A tax clampdown on so-called non-doms – a group of wealthy foreigners living in the UK – is set to see a wave of departures from the UK within five months.
Tax advisers and lawyers say there is good evidence that a significant number of this group are selling up in order to leave before April in order to escape inheritance tax under changes introduced in last month’s Budget.
As part of the broader changes in chancellor Rachel Reeves’ Budget, the old system under which inheritance tax (IHT) is levied only on non-doms’ UK assets will be abolished from the start of the next tax year in April 2025.
Instead, IHT will be imposed on people’s UK assets for their first 10 years of residence in the country, after which it will apply to all of their holdings, including those overseas.
The new rules also require people to live outside the country for between three and 10 years before they are exempt from UK inheritance tax, or IHT, of 40 percent on their foreign assets.
IHT will be imposed on people’s UK assets for their first 10 years of residence in the country
However, if someone emigrates in the current tax year, they will reduce their exposure to UK IHT on their worldwide possessions to a maximum of three years.
Philip Munro, partner at law firm Withers, said: “(The rules are) basically saying if you want to go, you have to go this tax year.”
He added that the recent changes — including measures intended to soften the change of regime — had “crystallised the decision to leave” for many non-doms.
Emma Chamberlain, a specialist barrister, told the Financial Times said the April deadline was encouraging people in their sixties and above to leave earlier.
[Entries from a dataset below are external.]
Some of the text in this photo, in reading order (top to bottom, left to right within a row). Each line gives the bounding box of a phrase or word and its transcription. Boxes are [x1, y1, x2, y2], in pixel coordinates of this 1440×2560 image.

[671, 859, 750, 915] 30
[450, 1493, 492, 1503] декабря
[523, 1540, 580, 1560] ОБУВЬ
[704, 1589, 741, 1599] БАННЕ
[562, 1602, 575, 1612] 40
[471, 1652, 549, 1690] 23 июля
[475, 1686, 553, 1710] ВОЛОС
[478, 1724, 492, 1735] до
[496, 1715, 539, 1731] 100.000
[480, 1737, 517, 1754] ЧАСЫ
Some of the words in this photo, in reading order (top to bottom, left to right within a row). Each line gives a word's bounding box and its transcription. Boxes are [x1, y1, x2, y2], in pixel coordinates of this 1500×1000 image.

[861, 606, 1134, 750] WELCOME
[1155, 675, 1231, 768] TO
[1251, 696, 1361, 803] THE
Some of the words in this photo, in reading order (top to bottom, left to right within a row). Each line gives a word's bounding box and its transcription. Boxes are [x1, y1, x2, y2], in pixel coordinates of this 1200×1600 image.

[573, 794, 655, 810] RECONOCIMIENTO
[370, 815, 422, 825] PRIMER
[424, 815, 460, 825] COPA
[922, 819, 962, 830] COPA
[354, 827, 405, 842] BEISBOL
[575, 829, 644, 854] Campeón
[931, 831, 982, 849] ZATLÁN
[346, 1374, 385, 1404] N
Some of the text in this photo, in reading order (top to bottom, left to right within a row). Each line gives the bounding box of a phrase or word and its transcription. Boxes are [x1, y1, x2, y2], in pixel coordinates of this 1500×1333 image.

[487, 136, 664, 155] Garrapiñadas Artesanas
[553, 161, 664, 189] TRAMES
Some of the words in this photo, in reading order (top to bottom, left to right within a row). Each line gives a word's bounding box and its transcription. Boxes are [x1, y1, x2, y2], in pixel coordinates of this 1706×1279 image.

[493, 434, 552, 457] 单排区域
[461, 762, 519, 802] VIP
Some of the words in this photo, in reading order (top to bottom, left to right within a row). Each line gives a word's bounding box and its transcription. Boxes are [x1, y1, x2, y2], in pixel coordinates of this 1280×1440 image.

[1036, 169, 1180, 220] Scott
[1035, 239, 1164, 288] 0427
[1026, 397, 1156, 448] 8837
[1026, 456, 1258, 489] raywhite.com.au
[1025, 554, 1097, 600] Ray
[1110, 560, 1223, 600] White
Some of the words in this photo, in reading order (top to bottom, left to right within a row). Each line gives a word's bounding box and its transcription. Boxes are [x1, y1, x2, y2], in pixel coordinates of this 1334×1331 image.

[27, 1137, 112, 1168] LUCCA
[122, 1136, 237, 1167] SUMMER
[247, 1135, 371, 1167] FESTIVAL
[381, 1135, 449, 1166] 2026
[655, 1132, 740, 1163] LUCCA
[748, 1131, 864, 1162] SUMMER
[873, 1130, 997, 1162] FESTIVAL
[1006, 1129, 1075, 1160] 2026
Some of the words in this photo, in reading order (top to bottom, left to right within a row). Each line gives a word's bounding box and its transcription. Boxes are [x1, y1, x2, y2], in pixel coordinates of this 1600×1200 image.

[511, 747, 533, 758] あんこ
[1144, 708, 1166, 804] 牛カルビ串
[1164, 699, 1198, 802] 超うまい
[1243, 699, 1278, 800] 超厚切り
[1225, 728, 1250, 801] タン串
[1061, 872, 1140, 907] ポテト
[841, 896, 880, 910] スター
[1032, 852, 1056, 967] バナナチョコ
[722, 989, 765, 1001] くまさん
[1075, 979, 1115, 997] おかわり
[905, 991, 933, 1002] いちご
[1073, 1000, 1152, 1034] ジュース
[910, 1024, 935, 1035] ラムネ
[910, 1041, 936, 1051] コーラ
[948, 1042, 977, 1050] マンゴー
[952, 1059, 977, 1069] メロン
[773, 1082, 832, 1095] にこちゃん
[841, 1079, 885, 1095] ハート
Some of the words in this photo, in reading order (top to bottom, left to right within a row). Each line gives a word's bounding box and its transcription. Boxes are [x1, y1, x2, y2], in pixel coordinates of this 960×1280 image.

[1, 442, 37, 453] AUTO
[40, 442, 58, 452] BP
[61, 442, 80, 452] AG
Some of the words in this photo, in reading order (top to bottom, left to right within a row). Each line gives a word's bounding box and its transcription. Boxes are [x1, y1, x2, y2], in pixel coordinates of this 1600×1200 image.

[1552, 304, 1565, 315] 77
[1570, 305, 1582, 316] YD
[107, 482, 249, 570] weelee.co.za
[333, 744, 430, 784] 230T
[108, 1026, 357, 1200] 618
She added that younger non-doms were less worried about a long period of exposure to IHT and were more likely to buy insurance to cover the risk of death duties.
Under the old system, people could leave the UK without being liable for IHT on their global assets for the maximum 15-year period in which they could retain non-dom status in the country.
If they remained in the UK for more than 15 years, they would lose their non-dom status, and, if they subsequently moved abroad, they would have to wait three years before being exempted from IHT on non-UK assets.
Alexandra Britton-Davis, partner at Saffery, an accountancy firm, suggested that a rush of non-doms leaving during this tax year could have a knock-on impact on the government’s expected revenue.
“We will definitely see people accelerating their departure ahead of April 2025, who may have stayed a couple more years paying tax on all their gains and worldwide income,” she said.
During the Budget Rachel Reeves said that the non-dom reforms were expected to raise £12.7bn over the next five years, although the Office for Budget Responsibility, the independent fiscal watchdog, flagged the estimates as “highly uncertain”.
The £12.7bn figure is in addition to the £21bn in new revenue predicted by the previous Conservative government when it announced the scrapping of the non-dom regime in March.
The Treasury said: “These arrangements strike the right balance, ensuring that people who choose to settle in the UK pay tax on the same basis as other long-term UK residents, whilst giving people who have planned their affairs based on the current set of rules a short period to adjust.”